The Faculty of Medicine (French: Faculté de médecine) at the University of Ottawa is a bilingual medical school in Ottawa, Ontario, Canada founded in 1945. It is located at a campus centred on Roger-Guindon Hall in the east end of Ottawa and is attached to the Ottawa Hospital's General Campus. The Health Sciences Complex is separate from the downtown University of Ottawa campus.

==Undergraduate program==

The current undergraduate MD program at the University of Ottawa is a 4-year program accepting about 160 students per year; 44 in the French stream and 116 in the English stream.

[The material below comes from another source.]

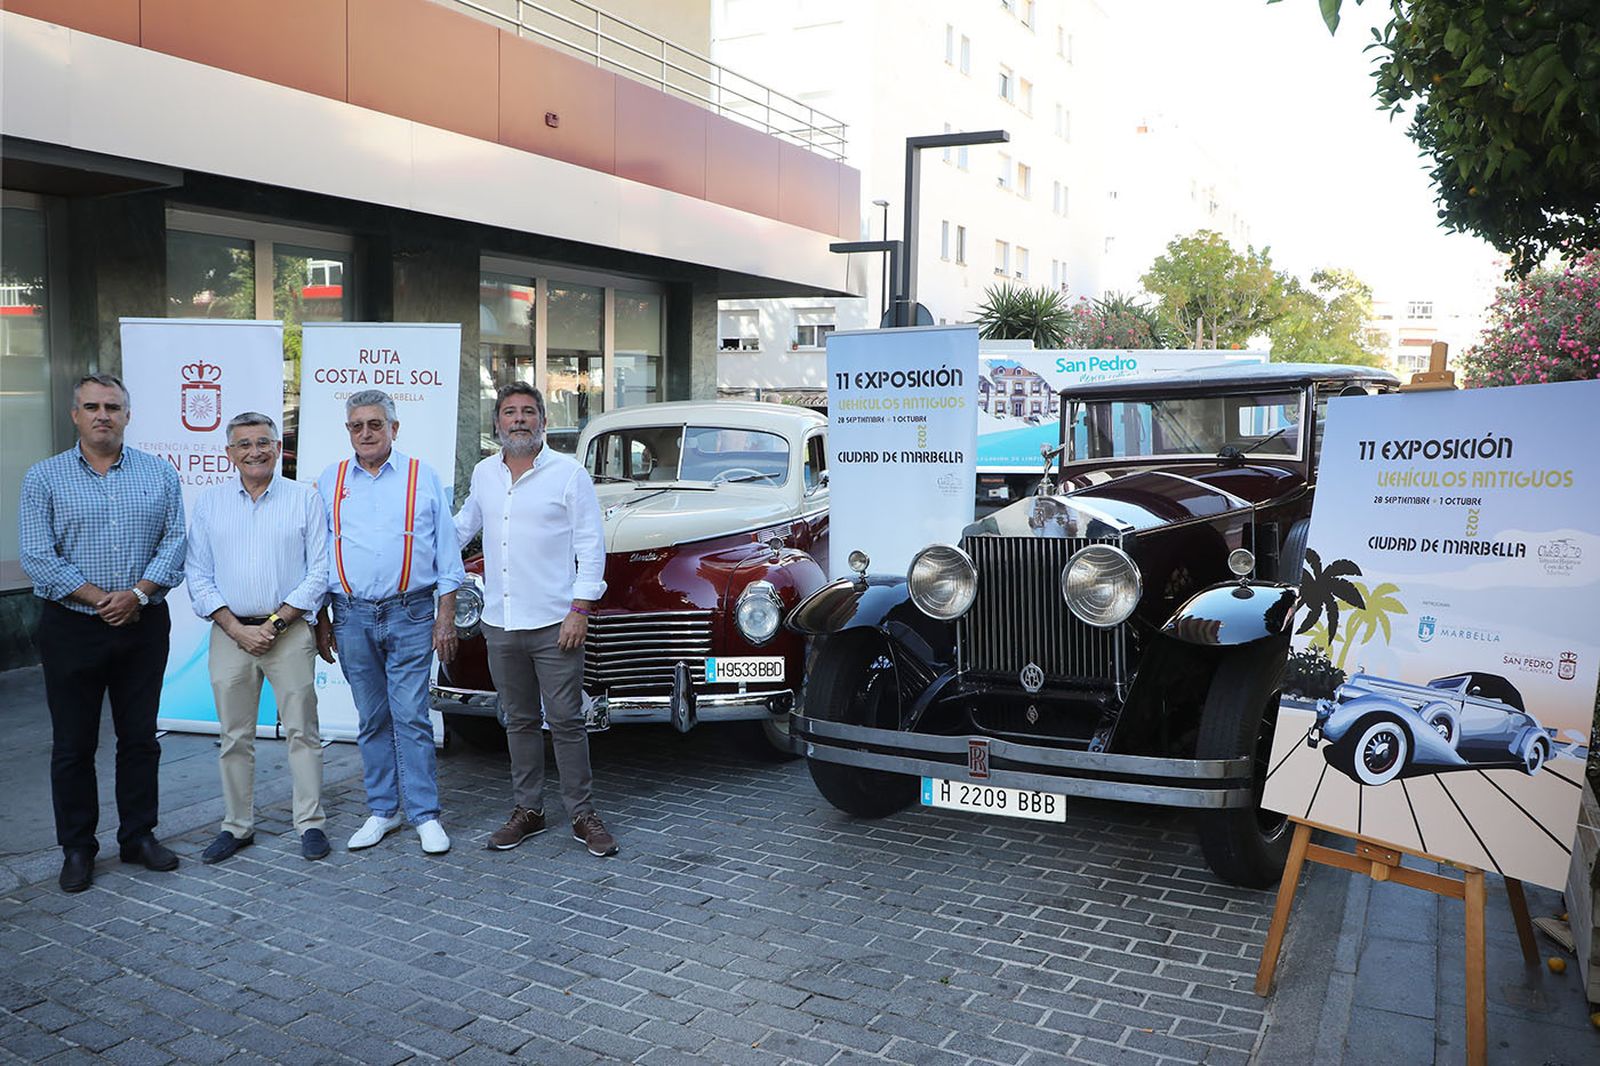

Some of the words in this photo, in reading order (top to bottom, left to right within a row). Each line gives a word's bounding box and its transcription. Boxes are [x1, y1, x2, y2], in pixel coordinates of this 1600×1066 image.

All courses are offered in both languages and students can attend any course they choose. Exams are written in either language.
The undergraduate MD curriculum has recently undergone major changes. The first year for the new curriculum was the 2008-2009 school year. Major changes include a more global teaching system with 1 cumulative exam per semester, the restrictions of classes to the hours between 8 am and noon to allow students to complete more elective experiences as well as the institution of Self-Learning Modules (SLM) which the student complete on their own time outside of class.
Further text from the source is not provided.